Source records
┏━━

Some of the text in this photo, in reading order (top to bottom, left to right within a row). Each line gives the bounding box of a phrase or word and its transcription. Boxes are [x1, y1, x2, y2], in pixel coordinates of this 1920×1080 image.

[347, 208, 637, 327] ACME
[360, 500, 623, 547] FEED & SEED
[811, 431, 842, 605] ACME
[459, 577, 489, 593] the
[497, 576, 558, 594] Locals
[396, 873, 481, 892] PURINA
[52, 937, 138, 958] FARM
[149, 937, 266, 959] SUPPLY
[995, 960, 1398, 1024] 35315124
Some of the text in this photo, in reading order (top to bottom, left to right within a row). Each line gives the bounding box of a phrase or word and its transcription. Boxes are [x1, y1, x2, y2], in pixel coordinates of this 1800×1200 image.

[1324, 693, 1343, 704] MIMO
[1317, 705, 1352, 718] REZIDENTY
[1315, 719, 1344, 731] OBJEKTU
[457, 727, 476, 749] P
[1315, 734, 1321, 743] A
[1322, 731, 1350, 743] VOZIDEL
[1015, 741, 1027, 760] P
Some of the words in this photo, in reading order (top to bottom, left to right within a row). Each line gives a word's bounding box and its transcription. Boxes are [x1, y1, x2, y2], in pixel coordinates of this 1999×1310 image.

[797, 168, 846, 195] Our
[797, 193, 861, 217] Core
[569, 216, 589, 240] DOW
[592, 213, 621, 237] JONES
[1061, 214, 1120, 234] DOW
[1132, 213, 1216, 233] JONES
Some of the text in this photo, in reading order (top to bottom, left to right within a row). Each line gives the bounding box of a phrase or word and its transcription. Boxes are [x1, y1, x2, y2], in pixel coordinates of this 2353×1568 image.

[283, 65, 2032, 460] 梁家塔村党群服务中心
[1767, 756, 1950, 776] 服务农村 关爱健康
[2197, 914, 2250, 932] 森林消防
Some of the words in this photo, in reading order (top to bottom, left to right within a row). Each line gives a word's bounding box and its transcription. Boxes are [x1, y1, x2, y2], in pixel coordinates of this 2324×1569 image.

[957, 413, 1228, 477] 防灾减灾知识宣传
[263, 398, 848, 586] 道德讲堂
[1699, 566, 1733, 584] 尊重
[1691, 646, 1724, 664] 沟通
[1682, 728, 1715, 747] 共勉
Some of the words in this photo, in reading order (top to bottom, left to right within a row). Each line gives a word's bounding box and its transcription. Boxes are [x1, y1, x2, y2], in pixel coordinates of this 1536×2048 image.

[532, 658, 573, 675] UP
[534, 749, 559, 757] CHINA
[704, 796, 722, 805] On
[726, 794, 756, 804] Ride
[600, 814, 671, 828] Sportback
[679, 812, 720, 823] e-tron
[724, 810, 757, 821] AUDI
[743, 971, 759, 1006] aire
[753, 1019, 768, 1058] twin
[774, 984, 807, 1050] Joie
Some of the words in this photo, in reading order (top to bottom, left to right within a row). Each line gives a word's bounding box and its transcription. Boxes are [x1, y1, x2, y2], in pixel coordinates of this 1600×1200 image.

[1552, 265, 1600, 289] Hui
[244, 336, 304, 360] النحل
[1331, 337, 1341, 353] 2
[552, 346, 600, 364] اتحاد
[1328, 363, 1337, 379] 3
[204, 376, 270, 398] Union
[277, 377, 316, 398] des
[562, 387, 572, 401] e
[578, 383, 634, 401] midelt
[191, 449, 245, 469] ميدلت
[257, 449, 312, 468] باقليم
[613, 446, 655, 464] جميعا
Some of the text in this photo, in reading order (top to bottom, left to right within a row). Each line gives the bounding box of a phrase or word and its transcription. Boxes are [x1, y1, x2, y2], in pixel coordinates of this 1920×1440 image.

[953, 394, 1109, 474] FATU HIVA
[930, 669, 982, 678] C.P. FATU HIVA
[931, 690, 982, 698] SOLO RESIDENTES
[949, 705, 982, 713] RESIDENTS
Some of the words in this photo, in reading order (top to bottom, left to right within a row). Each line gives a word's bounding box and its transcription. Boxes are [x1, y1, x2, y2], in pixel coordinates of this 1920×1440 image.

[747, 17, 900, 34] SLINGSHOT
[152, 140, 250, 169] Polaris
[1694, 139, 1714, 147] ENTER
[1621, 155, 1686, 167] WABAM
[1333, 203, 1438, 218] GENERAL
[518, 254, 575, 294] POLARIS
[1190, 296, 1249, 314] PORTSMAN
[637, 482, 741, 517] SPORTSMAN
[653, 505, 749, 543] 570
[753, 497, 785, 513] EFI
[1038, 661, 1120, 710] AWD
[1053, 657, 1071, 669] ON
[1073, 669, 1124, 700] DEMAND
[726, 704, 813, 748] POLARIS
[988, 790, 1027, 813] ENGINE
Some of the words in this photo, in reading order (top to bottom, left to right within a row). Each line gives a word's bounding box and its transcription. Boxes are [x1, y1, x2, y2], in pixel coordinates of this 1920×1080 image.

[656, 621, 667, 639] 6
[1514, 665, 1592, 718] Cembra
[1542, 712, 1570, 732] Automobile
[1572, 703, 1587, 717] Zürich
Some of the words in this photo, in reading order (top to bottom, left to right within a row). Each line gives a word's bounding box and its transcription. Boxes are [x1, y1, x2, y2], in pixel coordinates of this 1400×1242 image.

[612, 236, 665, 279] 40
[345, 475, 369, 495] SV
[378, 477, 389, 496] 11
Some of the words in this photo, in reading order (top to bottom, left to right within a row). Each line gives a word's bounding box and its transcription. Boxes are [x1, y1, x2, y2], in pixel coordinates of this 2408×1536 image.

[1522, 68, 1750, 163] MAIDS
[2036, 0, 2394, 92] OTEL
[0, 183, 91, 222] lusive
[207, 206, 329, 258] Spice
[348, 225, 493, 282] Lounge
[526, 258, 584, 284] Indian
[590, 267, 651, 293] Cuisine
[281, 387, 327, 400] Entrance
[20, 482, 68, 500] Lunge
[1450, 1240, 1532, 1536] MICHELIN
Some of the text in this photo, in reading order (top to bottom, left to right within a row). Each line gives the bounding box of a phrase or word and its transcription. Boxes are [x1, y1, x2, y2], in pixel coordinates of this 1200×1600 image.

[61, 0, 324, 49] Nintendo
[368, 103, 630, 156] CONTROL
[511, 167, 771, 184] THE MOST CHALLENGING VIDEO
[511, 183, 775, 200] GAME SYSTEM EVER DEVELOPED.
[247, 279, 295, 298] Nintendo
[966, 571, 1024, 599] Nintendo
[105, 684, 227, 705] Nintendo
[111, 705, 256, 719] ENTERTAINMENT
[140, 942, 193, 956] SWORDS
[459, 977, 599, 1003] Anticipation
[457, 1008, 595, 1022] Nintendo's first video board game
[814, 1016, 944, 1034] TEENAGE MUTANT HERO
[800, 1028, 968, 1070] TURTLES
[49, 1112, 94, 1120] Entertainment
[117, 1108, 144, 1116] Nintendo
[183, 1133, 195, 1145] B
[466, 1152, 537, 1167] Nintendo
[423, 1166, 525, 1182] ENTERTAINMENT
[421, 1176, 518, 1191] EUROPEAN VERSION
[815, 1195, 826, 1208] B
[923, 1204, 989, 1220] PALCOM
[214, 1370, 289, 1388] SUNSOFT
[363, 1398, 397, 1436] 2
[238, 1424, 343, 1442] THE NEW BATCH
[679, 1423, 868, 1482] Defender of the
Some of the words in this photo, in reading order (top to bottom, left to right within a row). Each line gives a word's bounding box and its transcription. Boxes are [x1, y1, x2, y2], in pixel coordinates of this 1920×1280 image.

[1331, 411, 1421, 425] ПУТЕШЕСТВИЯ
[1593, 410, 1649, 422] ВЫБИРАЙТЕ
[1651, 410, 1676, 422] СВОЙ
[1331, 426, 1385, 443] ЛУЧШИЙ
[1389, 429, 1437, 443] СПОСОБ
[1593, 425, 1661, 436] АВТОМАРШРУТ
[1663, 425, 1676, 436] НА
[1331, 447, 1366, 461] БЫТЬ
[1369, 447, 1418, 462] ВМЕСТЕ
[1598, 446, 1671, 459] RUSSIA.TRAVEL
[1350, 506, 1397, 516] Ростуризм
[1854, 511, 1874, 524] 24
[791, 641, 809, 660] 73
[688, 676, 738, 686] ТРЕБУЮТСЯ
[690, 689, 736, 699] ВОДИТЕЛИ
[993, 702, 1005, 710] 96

┗━━

What is needed
Copy exactly the lines from the one containing "this 1920×1280 image." through the last line of the records, both included, and nothing else.

Answer space
Some of the words in this photo, in reading order (top to bottom, left to right within a row). Each line gives a word's bounding box and its transcription. Boxes are [x1, y1, x2, y2], in pixel coordinates of this 1920×1280 image.

[1331, 411, 1421, 425] ПУТЕШЕСТВИЯ
[1593, 410, 1649, 422] ВЫБИРАЙТЕ
[1651, 410, 1676, 422] СВОЙ
[1331, 426, 1385, 443] ЛУЧШИЙ
[1389, 429, 1437, 443] СПОСОБ
[1593, 425, 1661, 436] АВТОМАРШРУТ
[1663, 425, 1676, 436] НА
[1331, 447, 1366, 461] БЫТЬ
[1369, 447, 1418, 462] ВМЕСТЕ
[1598, 446, 1671, 459] RUSSIA.TRAVEL
[1350, 506, 1397, 516] Ростуризм
[1854, 511, 1874, 524] 24
[791, 641, 809, 660] 73
[688, 676, 738, 686] ТРЕБУЮТСЯ
[690, 689, 736, 699] ВОДИТЕЛИ
[993, 702, 1005, 710] 96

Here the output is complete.